Dataset entries:
______
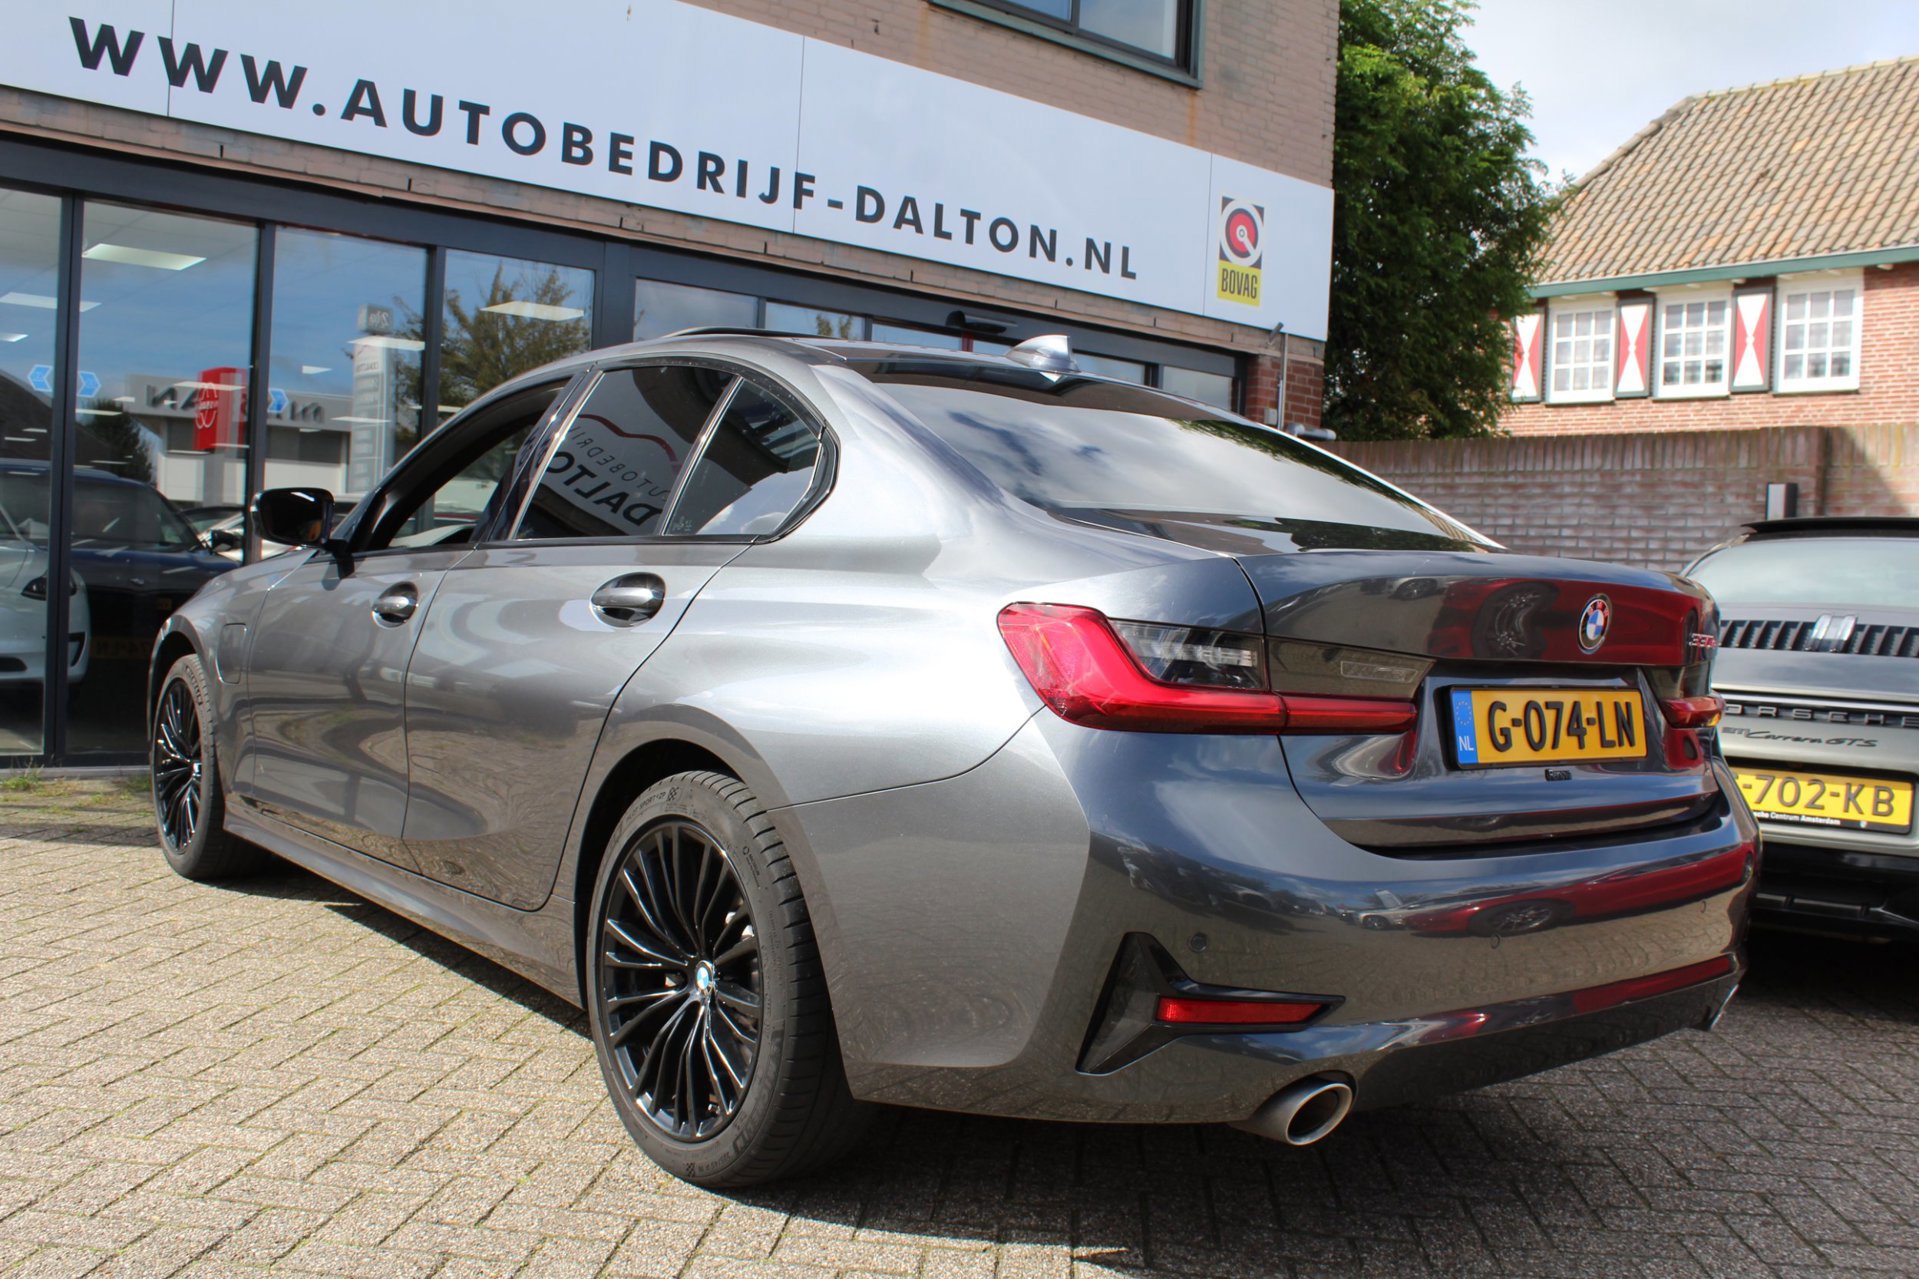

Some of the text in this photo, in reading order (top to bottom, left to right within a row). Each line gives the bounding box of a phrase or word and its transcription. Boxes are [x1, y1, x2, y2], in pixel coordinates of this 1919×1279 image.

[68, 16, 1137, 281] WWW.AUTOBEDRIJF-DALTON.NL
[1221, 268, 1258, 299] BOVAG
[1488, 700, 1636, 752] G-074-LN
[1724, 703, 1919, 728] ORSCHE
[1459, 736, 1474, 751] NL
[1825, 738, 1879, 747] GTS
[1735, 774, 1895, 817] -702-KB
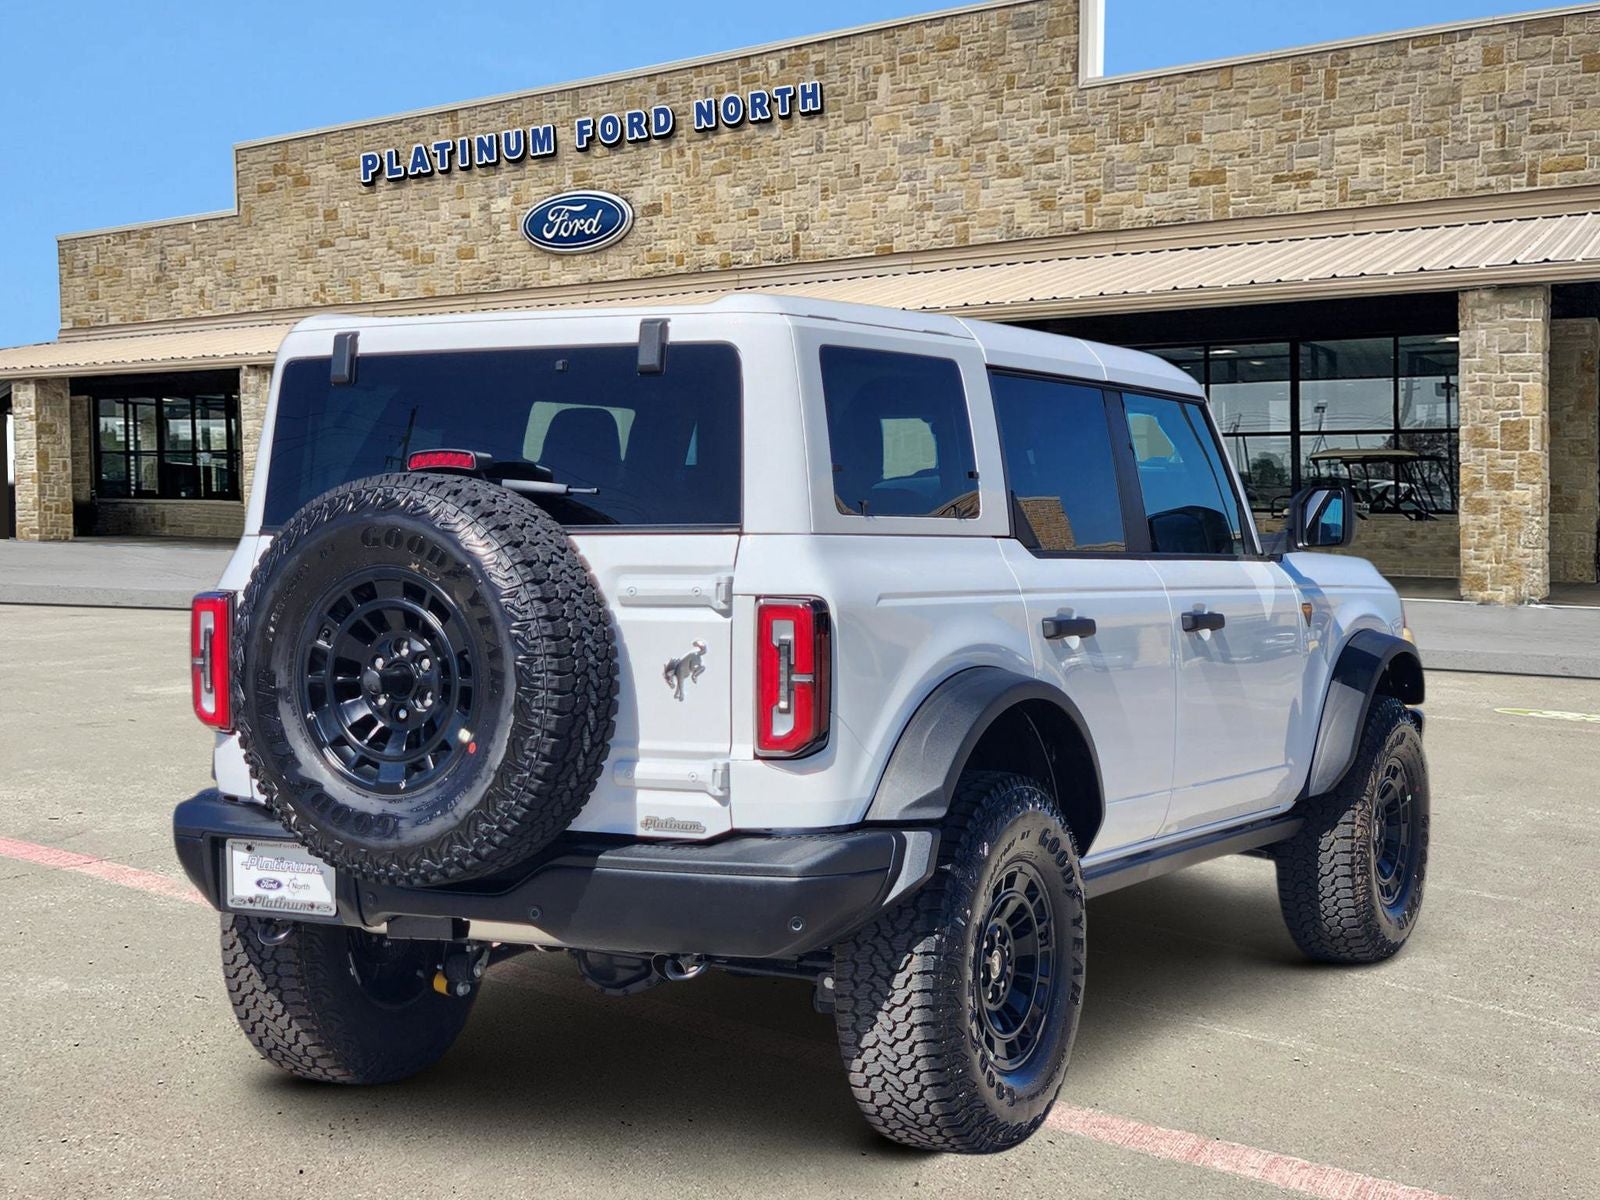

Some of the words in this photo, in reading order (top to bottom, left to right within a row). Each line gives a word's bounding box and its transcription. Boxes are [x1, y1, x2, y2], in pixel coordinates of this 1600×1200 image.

[360, 124, 556, 185] PLATINUM
[575, 105, 675, 150] FORD
[694, 81, 823, 130] NORTH
[542, 203, 602, 240] Ford
[641, 816, 706, 833] Platinum
[241, 856, 324, 875] Platinum
[259, 880, 278, 889] Ford
[291, 882, 310, 891] North
[252, 894, 314, 911] Platinum
______
**Activity**
Give back every entry word for word, and drop the pictures as you go.

**Output**
Some of the text in this photo, in reading order (top to bottom, left to right within a row). Each line gives the bounding box of a phrase or word and its transcription. Boxes are [x1, y1, x2, y2], in pixel coordinates of this 1919×1279 image.

[68, 16, 1137, 281] WWW.AUTOBEDRIJF-DALTON.NL
[1221, 268, 1258, 299] BOVAG
[1488, 700, 1636, 752] G-074-LN
[1724, 703, 1919, 728] ORSCHE
[1459, 736, 1474, 751] NL
[1825, 738, 1879, 747] GTS
[1735, 774, 1895, 817] -702-KB

Some of the words in this photo, in reading order (top to bottom, left to right within a row). Each line gives a word's bounding box and its transcription. Boxes are [x1, y1, x2, y2], in pixel coordinates of this 1600×1200 image.

[360, 124, 556, 185] PLATINUM
[575, 105, 675, 150] FORD
[694, 81, 823, 130] NORTH
[542, 203, 602, 240] Ford
[641, 816, 706, 833] Platinum
[241, 856, 324, 875] Platinum
[259, 880, 278, 889] Ford
[291, 882, 310, 891] North
[252, 894, 314, 911] Platinum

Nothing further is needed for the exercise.